I don’t want to jinx them. Seriously. But this is beginning to look pretty unreal. Whatever happened to Pakistan cricket team? Ever since they changed their name (“Team Pakistan”) and gave real powers to a qualified professional coach (Woolmer), the team is messing with its pedigree. The team seems to have forgotten that it is not supposed to win everything in sight. It is not supposed to be professional. The only thing they were supposed to be predictable was the utter unpredictability of their performance. A giant on one day and a sheep the next.
The Pakistan team I knew was always bunch of extremely talented players, who were aptly labeled the “Most Unpredictable Team”. They’d force their way to the World Cup finals (1999) by crushing everyone in sight (except Bangladesh) and then fold meekly in front of Australia to the ultimate embarrassment of their fans. Even at the height of our success in 1992, the team was facing one crushing defeat after another in the preliminary rounds of the World Cup, before rising from the slumber and knocking out New Zealand and England to win the cup. The team I knew would win some in a grand fashion, and lose some more at an even larger scale. They’d bowl out India (under Imran Khan) for a paltry 125 and then get themselves bowled out for under 100. This was a team that at one time boasted of seven (7) former captains in its line-up with all the remaining five (4) hallucinating about being captain as well. There were as many groups in the team as there were days in a week. And then there was the dark side. Blessed with out-of-this world superstars, how many of their results were pre-conceived as a result of match-fixing, we’ll never really know. Bottom line is, they were supposed to be a bunch of cheats who’d sell their mother if the price was right. They had dishearten their followers (except Chacha Cricket) and make everyone highly skeptical of their results.
Where did this current team come from?
I was looking at the team line up yesterday and I was wondering about the strength of our batting line up. With Afridi back in the line-up, we have Malik, Afridi and Razzaq as proper all-rounders and then we have Naveed, Akhtar and Sami, the wanna-be all-rounders. Our ‘keeper has bludgeoned the living day-lights out of bowling attacks in India, West Indies and now Pakistan, and our three veteran top-order batsmen combine for more than 650 ODI games between them. Can there be a stronger and better batting and bowling line-up? Of course, there can be. And to be fair, the nucleus of the team was about the same when they lost a home series to India last year and then got a crushing away series defeat in Australia. Since then, they have not looked back. Drawn back-to-back series in India and West Indies, when their main strike bowler wasn’t even playing. And now decimating the English team at home. On current form, there is no doubt in my mind that they can take anyone today and come out fighting. May not win everything, but will still make their supporters proud.
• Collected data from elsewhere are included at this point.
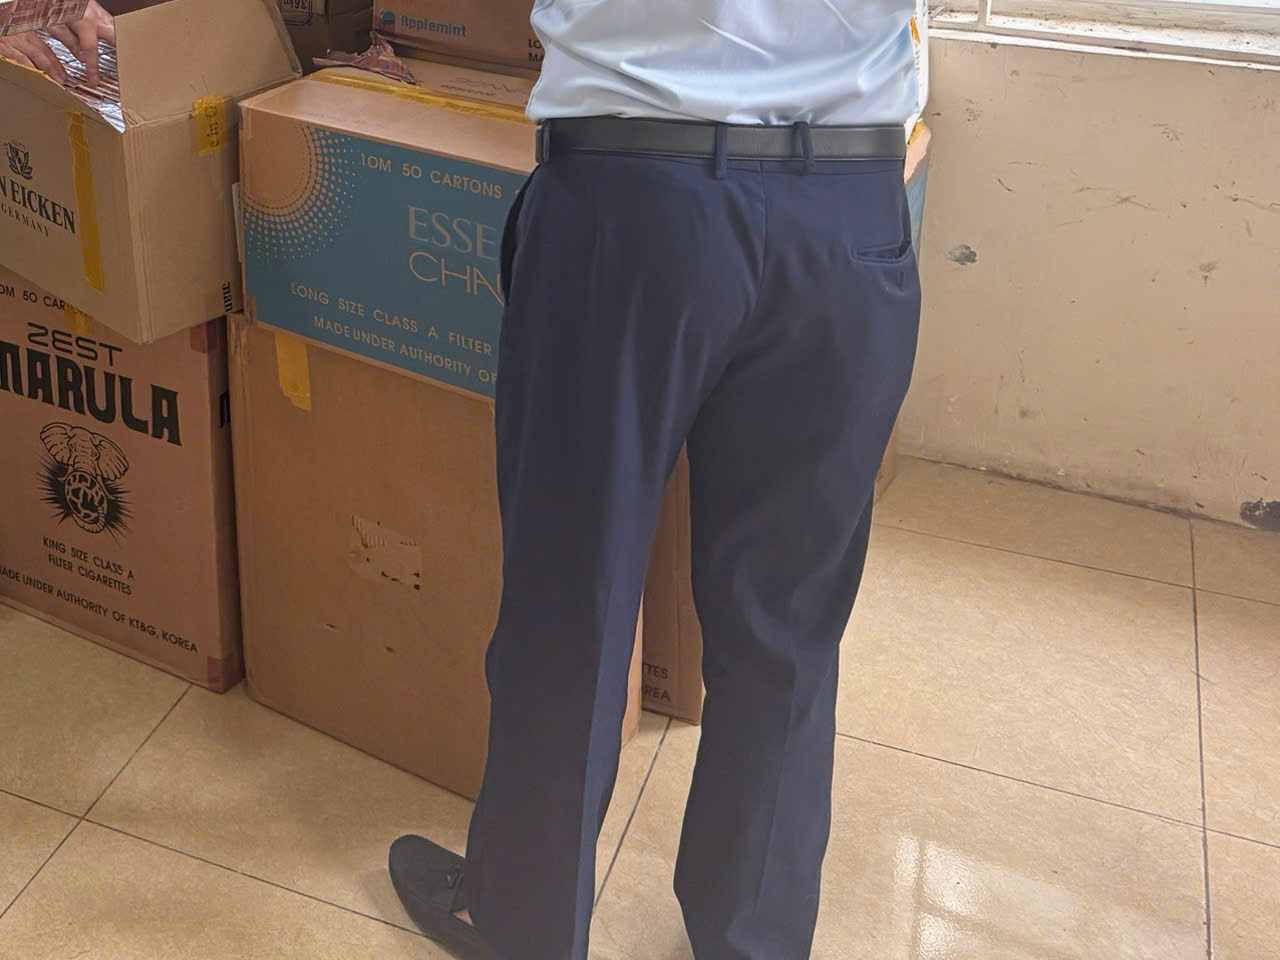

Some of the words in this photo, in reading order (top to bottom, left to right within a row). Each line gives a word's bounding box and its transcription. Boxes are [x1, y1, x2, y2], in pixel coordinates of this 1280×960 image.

[401, 15, 466, 36] Applemint
[527, 38, 543, 50] LO
[527, 52, 545, 63] MA
[360, 152, 392, 173] 10M
[402, 163, 423, 178] 50
[430, 170, 503, 200] CARTONS
[1, 203, 51, 238] GERMANY
[10, 178, 77, 235] EICKEN
[408, 205, 498, 261] ESSE
[23, 290, 38, 303] 50
[290, 281, 329, 305] LONG
[338, 296, 365, 317] SIZE
[373, 309, 418, 333] CLASS
[427, 326, 439, 341] A
[448, 333, 492, 356] FILTER
[27, 321, 123, 367] ZEST
[313, 315, 351, 338] MADE
[352, 327, 396, 352] UNDER
[399, 343, 472, 376] AUTHORITY
[478, 368, 498, 385] OF
[43, 536, 67, 555] KING
[71, 545, 89, 564] SIZE
[93, 554, 124, 577] CLASS
[127, 568, 136, 582] A
[48, 553, 74, 575] FILTER
[77, 564, 132, 596] CIGARETTES
[22, 574, 54, 597] UNDER
[56, 588, 109, 618] AUTHORITY
[112, 609, 127, 624] OF
[161, 629, 198, 654] KOREA
[642, 663, 669, 680] TES
Can they still lose one or both of the next two ODI’s? Absolutely. Though the manner in which Pakistan beat England in the last test match and the third ODI suggests something different. Something far more interesting than just a statistic of win or loss. The goal is no longer to just win; it seems the new target is complete mental annihilation of the opponents. There was hardly any need for Pakistan to bat on the morning of day four in Lahore test. Yet they did and smacked the hapless English attack to all parts of the ground. An English commentator later said for Flintoff, the season came to an end on that morning in Lahore. His first ball duck against a Kaneria googly the next day was just a confirmation of how tortured he felt facing a team on a roll. Third ODI saw Razzaq launch an all-out attack against the English bowling. While it may just be a personal redemption for Razzaq and a I-am-back message after his medical leave, the impact was visible when England came out to bat. Having Afridi come down the order means that on every top-order wicket that falls, the opponents look even more worryingly at the Pakistan dressing room to see if it’s the “Mad Afridi” who is making an appearance.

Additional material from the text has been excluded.